:: EXERCISE DETAILS ::
The answer must be an exact printing of every record below, with the pictures omitted.

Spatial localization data
______

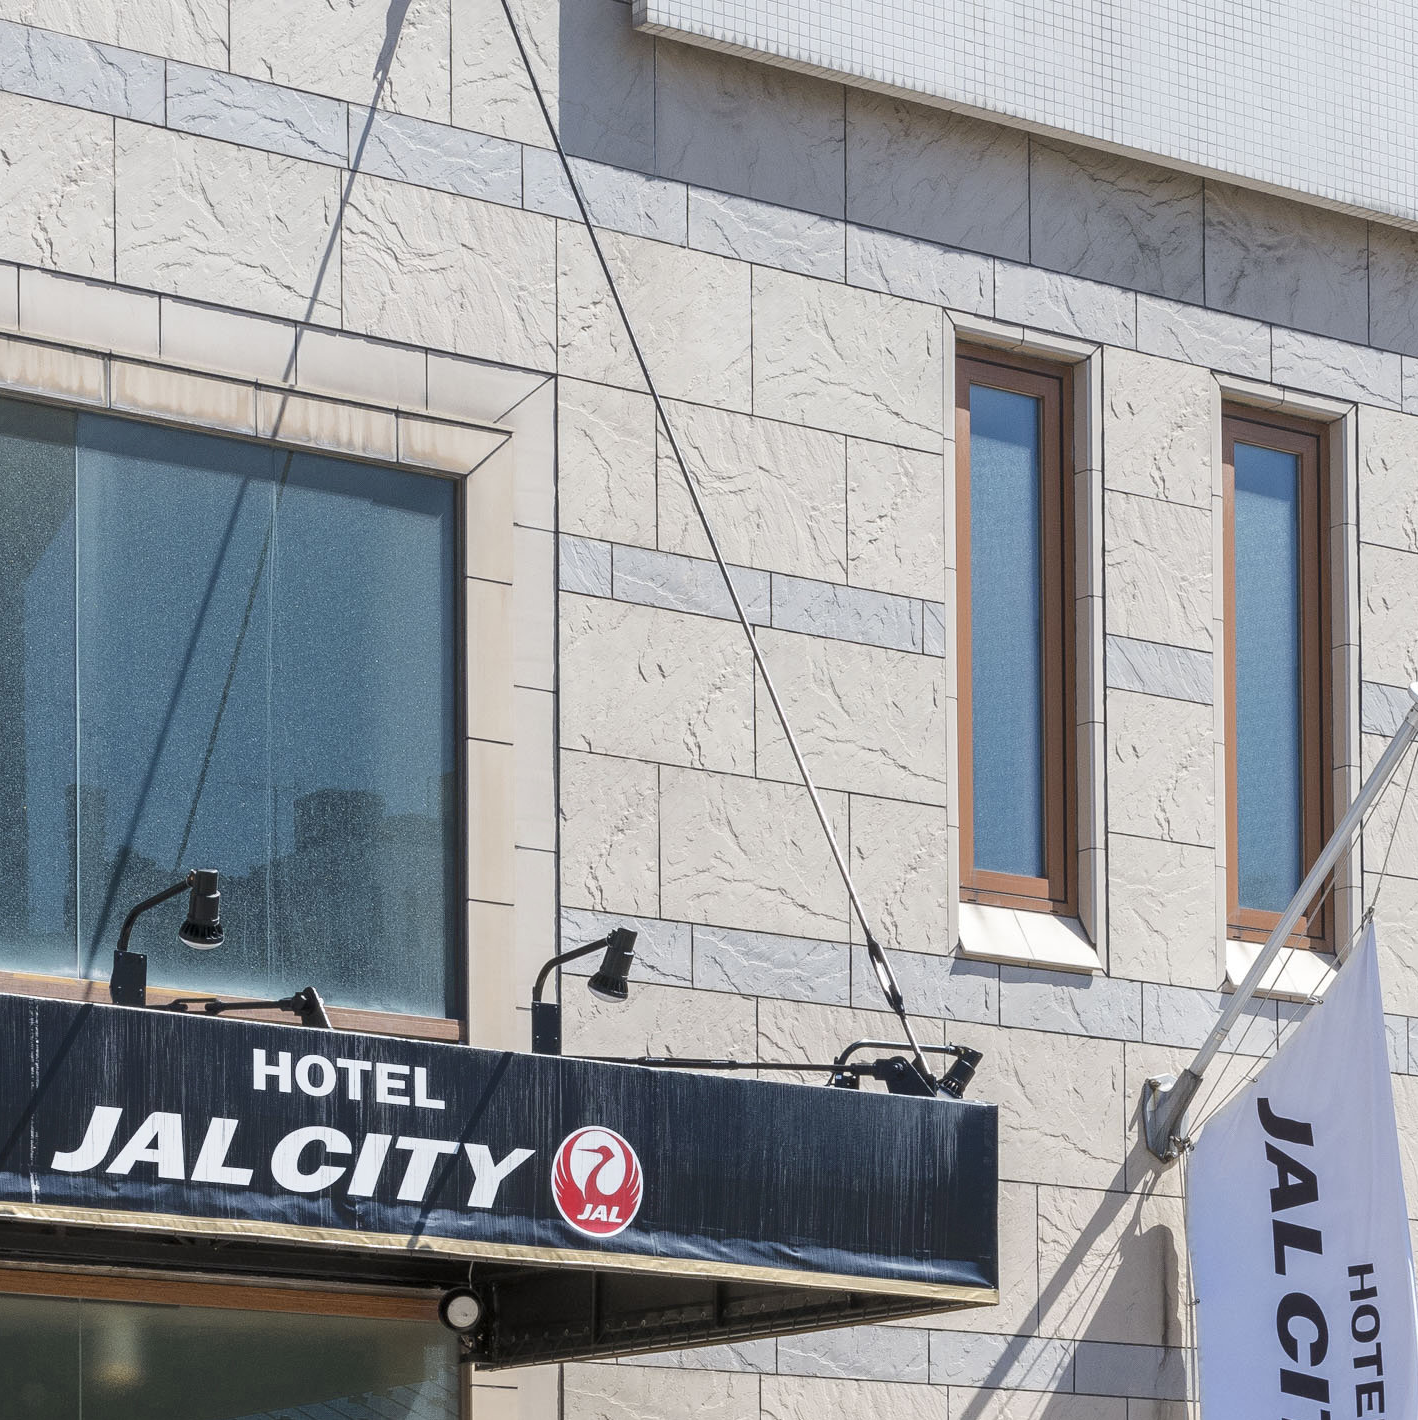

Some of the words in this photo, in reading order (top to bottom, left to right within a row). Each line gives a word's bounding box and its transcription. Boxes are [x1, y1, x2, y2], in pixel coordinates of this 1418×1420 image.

[252, 1048, 446, 1110] HOTEL
[51, 1105, 254, 1186] JAL
[270, 1125, 536, 1209] CITY
[1257, 1097, 1323, 1276] JAL
[576, 1203, 623, 1223] JAL

______

:: EXPECTED OUTPUT ::
Some of the words in this photo, in reading order (top to bottom, left to right within a row). Each line gives a word's bounding box and its transcription. Boxes are [x1, y1, x2, y2], in pixel coordinates of this 1418×1420 image.

[252, 1048, 446, 1110] HOTEL
[51, 1105, 254, 1186] JAL
[270, 1125, 536, 1209] CITY
[1257, 1097, 1323, 1276] JAL
[576, 1203, 623, 1223] JAL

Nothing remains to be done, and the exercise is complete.